"Apa maksudmu?" ucapku menahan kesal.
Lenka menggelengkan kepalanya. "Meski kamu ikut, kamu tak bisa berbuat apa pun. Ini ada di luar ranah alam fisik. Orang biasa tak akan pernah sanggup memahami kerumitan dunia astral."
Perhatianku lantas beralih pada Maria, menuntut sebuah penjelasan.
"Kami percaya jiwa Siska ditahan oleh jin—makhluk halus yang menjaga [kotak] hingga mengutukmu menjadi perempuan—penunggu hutan di sana," jawab Maria.
Mendadak aku teringat pada imaji acak sore hari tadi. Kukira itu tak lebih dari mimpi, rupanya memang benar-benar terjadi.

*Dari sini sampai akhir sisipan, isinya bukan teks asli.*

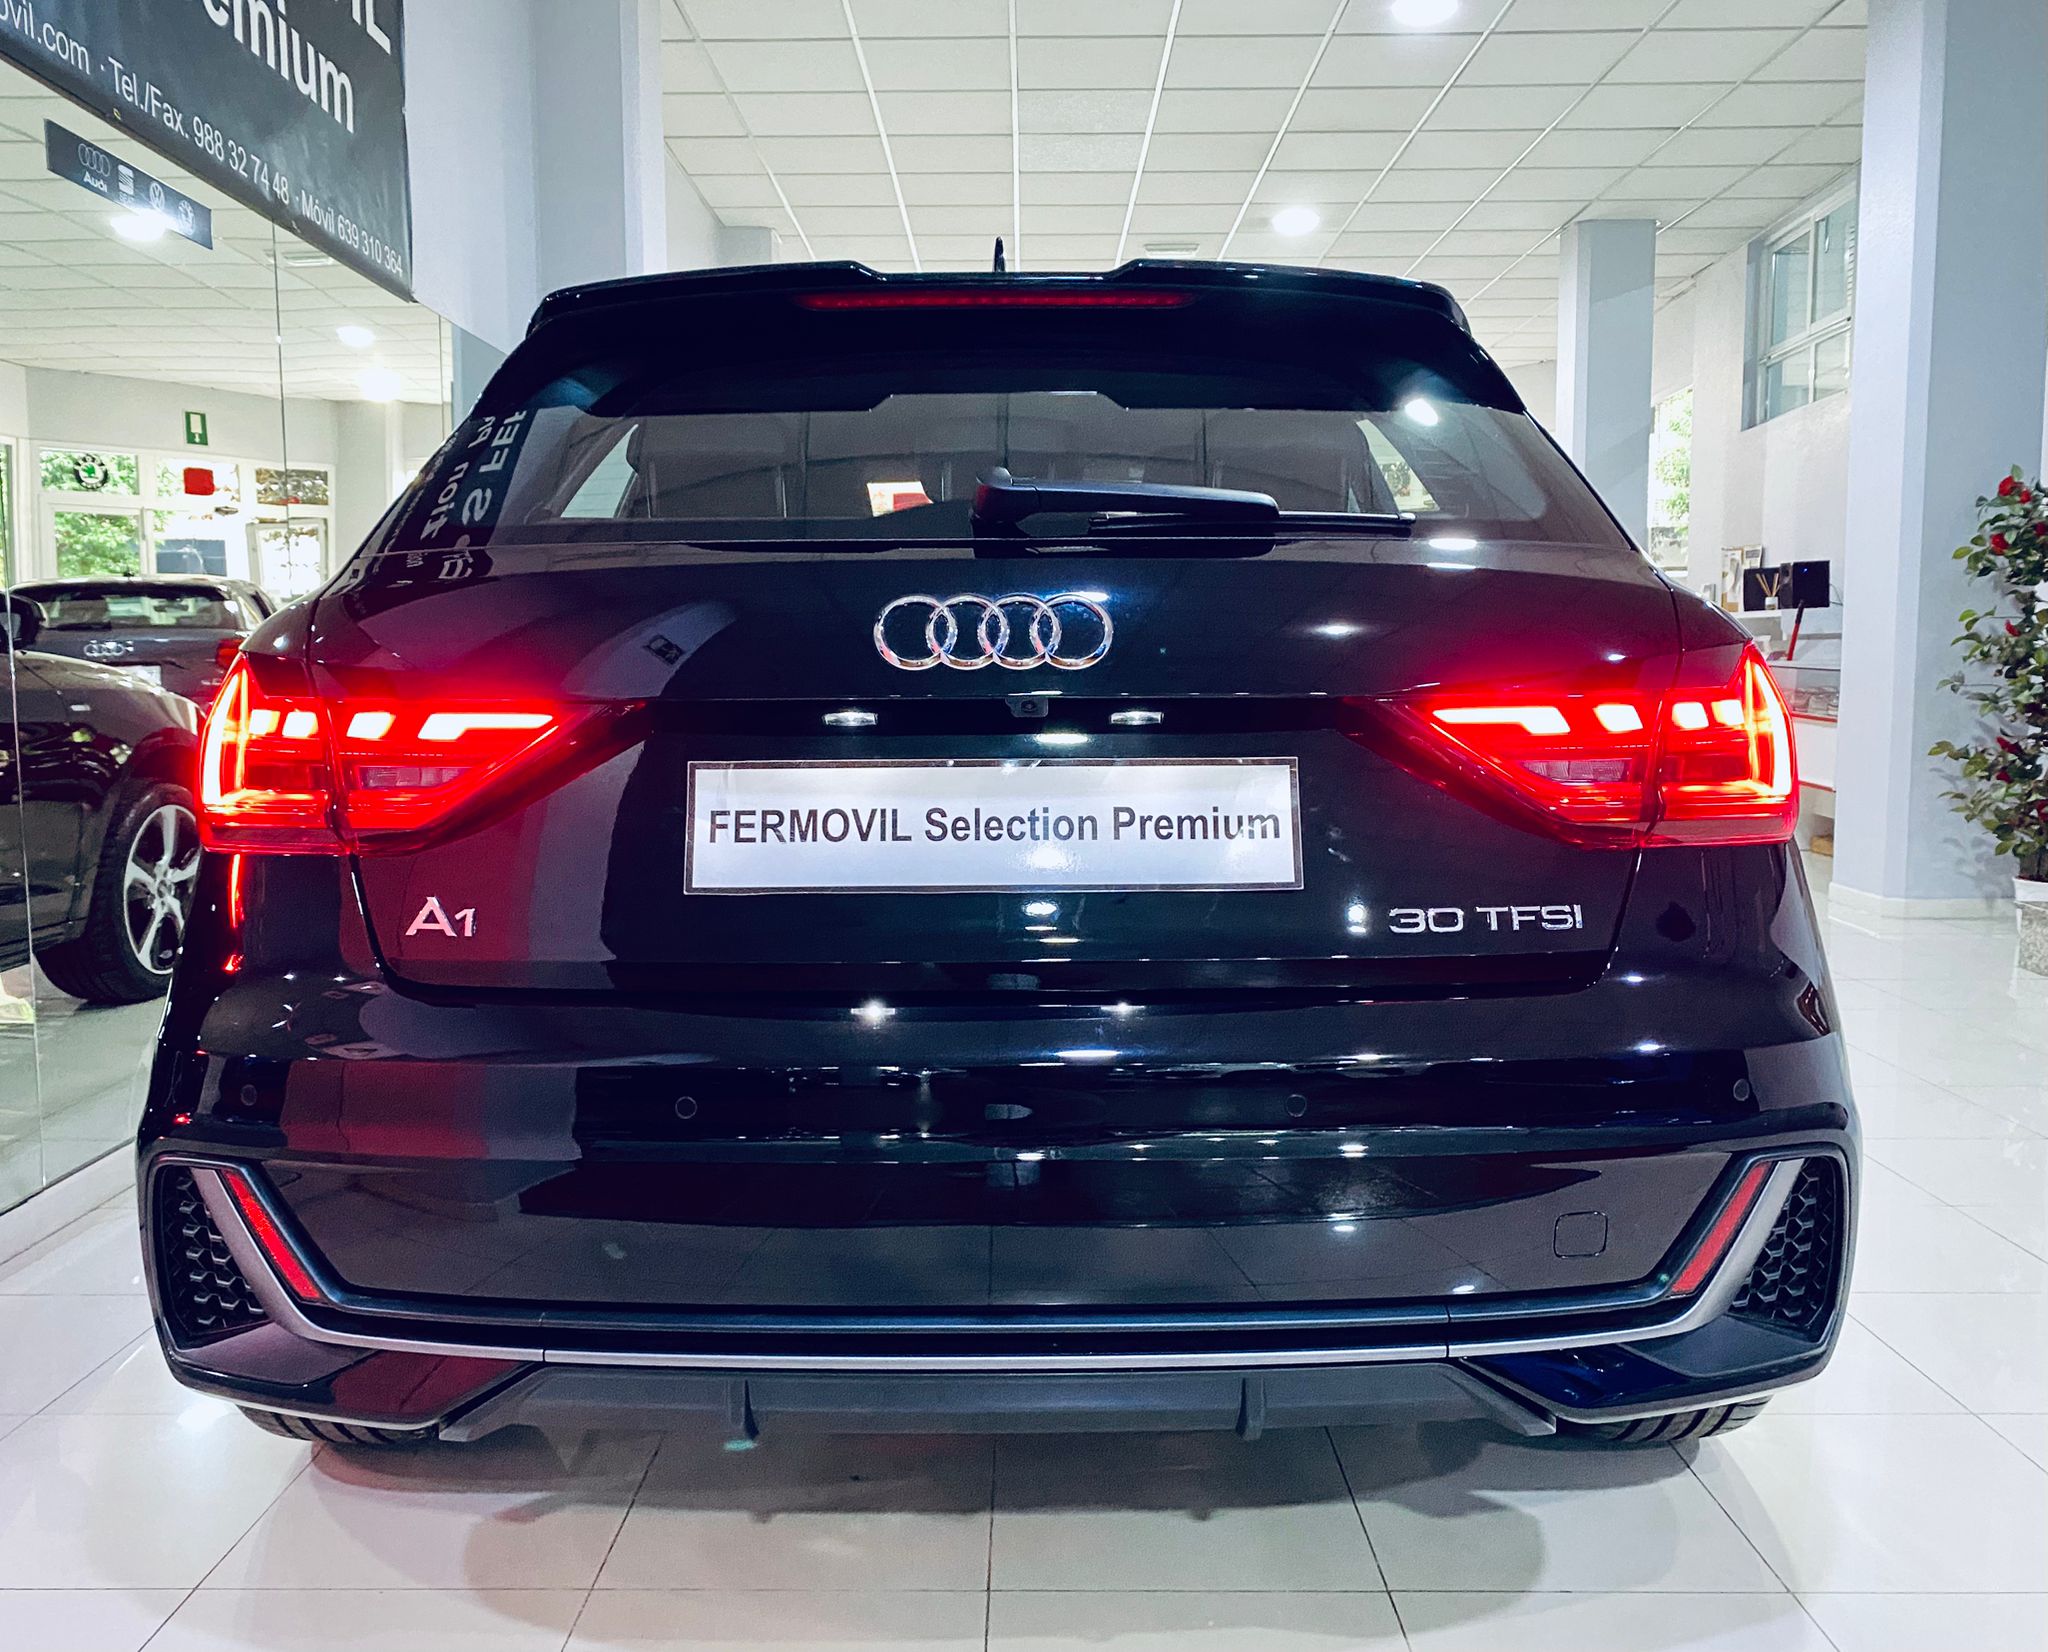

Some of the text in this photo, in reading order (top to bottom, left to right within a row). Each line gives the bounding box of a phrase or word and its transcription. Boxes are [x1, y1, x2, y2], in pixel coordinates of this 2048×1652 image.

[83, 170, 109, 193] Audi
[107, 56, 190, 140] Tel./Fax.
[192, 115, 226, 162] 988
[227, 139, 249, 178] 32
[250, 153, 270, 193] 74
[272, 171, 290, 206] 48
[301, 189, 336, 235] Móvil
[337, 213, 360, 249] 639
[361, 230, 382, 264] 310
[383, 245, 404, 278] 364
[708, 805, 1281, 844] FERMOVIL Selection Premium
[405, 896, 476, 937] A1
[1389, 904, 1584, 934] 30 TFSI

Benakku merekonstruksi kembali kengerian di wajah Siska. Gadis itu telentang tak berdaya, hendak digauli oleh makhluk besar berbulu dengan wujud buruk rupa. Hatiku menjadi semakin tak tenang. Keringat dingin mengucur dari pelipis. "Kita harus menyelamatkan Siska, sekarang!"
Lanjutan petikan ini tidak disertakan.